Fünf Jahre nach seinem Sieg kehrt
Davide Ballerini 2026 mit der Routine eines Fahrers, der in Ninove schon die Arme hochriss, an den Start des
Omloop Het Nieuwsblad zurück. Der Profi des
XDS Astana Team nimmt das Rennprogramm nach der späten Classica Comunitat Valenciana Ende Januar wieder auf.
Der Triumph 2021, damals im Trikot des damaligen Deceuninck - Quick Step, fiel in die Goldära des belgischen Teams, das die Kopfsteinpflaster-Klassiker dominierte und bei Rennen wie der Tour des Flandres und E3 Seriensiege einfuhren. Ballerini setzte sich aus einem reduzierten Sprint von rund 40 Fahrern durch und zeigte dabei Wucht und Kaltblütigkeit.

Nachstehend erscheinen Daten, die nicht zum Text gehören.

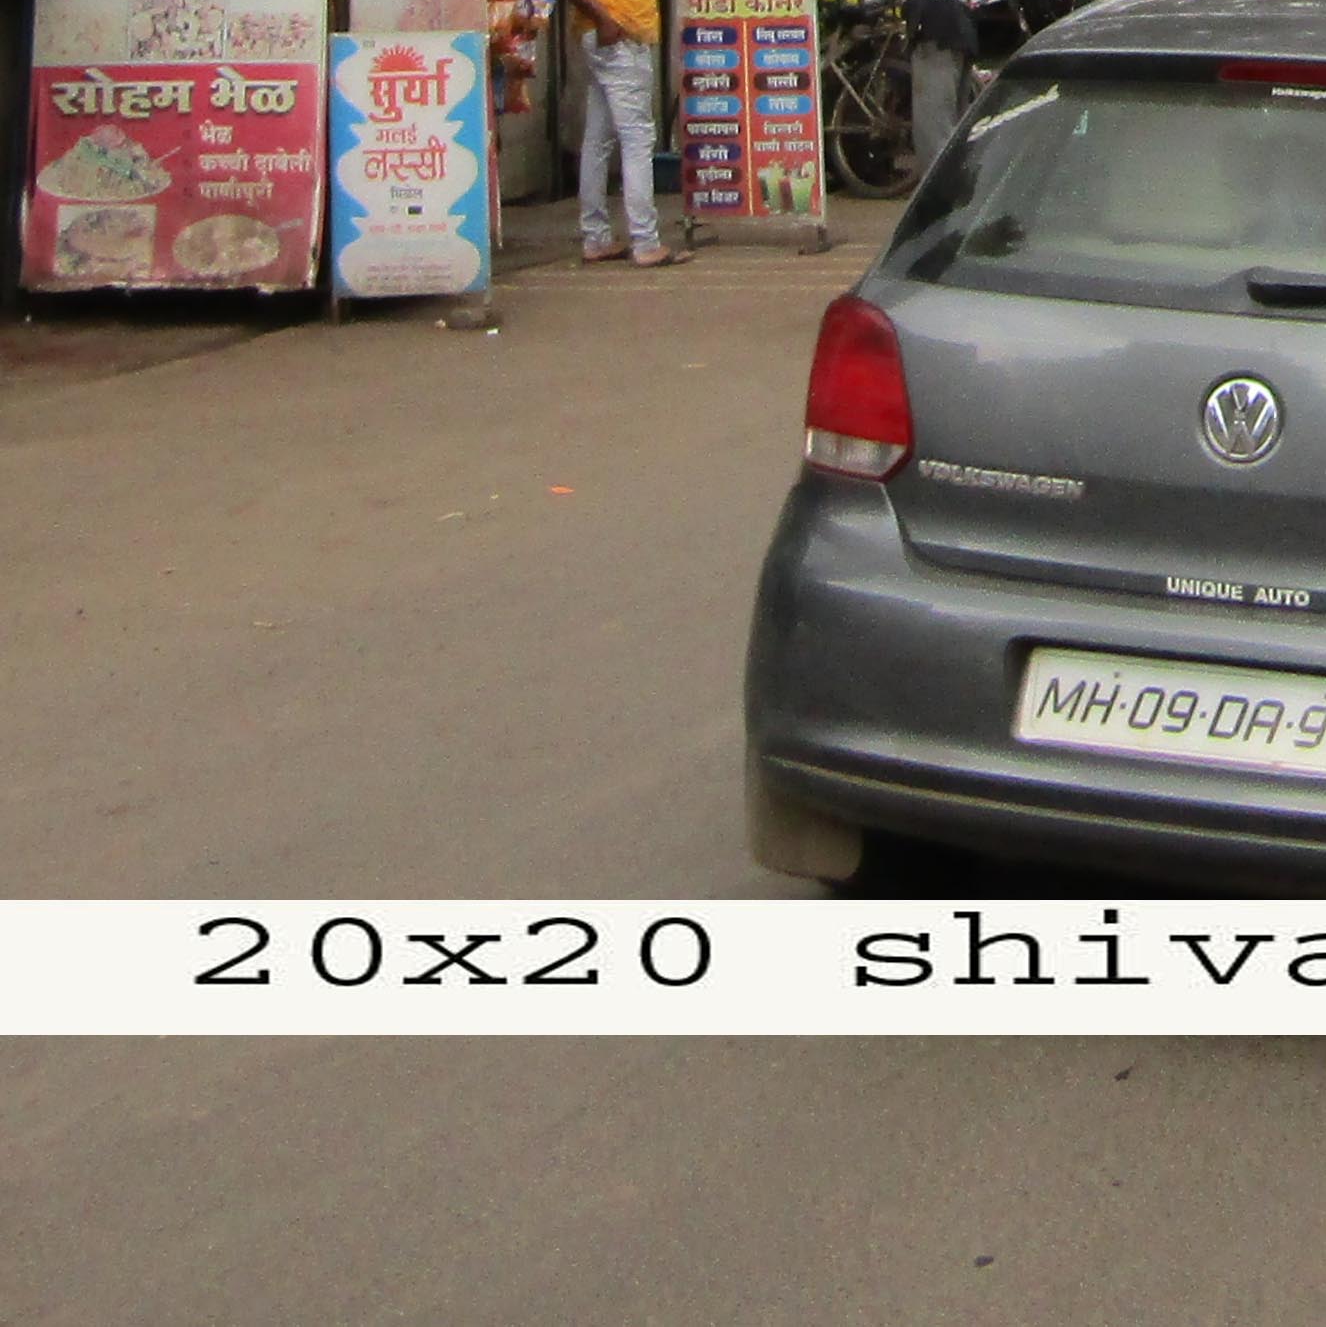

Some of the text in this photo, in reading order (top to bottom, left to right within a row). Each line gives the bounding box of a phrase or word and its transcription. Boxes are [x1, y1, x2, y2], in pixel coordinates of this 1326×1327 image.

[51, 66, 298, 119] सोहम भेळ
[368, 58, 453, 123] सुर्या
[376, 124, 418, 144] मलई
[362, 135, 447, 182] लस्सी
[918, 459, 1085, 498] VOLKSWAGEN
[1167, 576, 1311, 608] UNIQUE AUTO

Heute ist die Lage anders. Der Italiener fährt für XDS Astana Team und zählt nicht zu den Topfavoriten. Dennoch reist er selbstbewusst an nach einem langen Höhentrainingsblock, räumt aber ein, dass das belgische Opening Weekend immer Fragezeichen lässt.
„Zuerst müssen wir sehen, wie die Beine reagieren. Mir fehlt etwas Rennrhythmus, das könnte ein Nachteil sein, aber vielleicht bin ich frischer als jene, die in Portugal oder bei der UAE Tour gefahren sind“, sagte er gegenüber
bici.pro.
Nicht auf ein einziges Ziel fixiert
Ballerini schnürt Omloop nicht als einziges Saisonhighlight ab. Seine Ambitionen umfassen den gesamten Pflasterblock, vom flämischen Auftakt bis Paris–Roubaix. „Meine Ziele reichen von Omloop bis Roubaix. Jedes Rennen ist eine Chance zu performen; alle sind mir wichtig.“
Der Italiener betont, dass sich in diesen Rennen ein einzelner Formgipfel schwer planen lässt. „In den belgischen Klassikern kann so viel passieren; man darf nicht annehmen, dass man nur in ein paar spezifischen Rennen gut ist. Man muss die ganze Zeit in Topform sein.“ Nach mehreren Frühjahren mit Pech bleibt er pragmatisch: „Ich fokussiere auf den gesamten Zeitraum, nicht auf ein Rennen. Wenn man krank wird oder sich kurz verletzt, verliert man leider einen großen Teil der Saison.“
Ein offenes Rennen… und anders ohne Pogacar
Mit vier Starts kennt Ballerini die Nuancen von Omloop gut. „Es ist ein echtes Schaufenster der großen Klassiker wie Flandern, aber nicht so hart wie die Ronde, weil es weniger Kilometer und weniger Anstiege hat.“ Das mache, so glaubt er, das Finale weniger vorhersehbar. „Dieses Rennen ist offener; manchmal kommen 50 Fahrer zusammen ins Ziel“, was aus seiner Sicht Spannung und taktische Optionen erhöht.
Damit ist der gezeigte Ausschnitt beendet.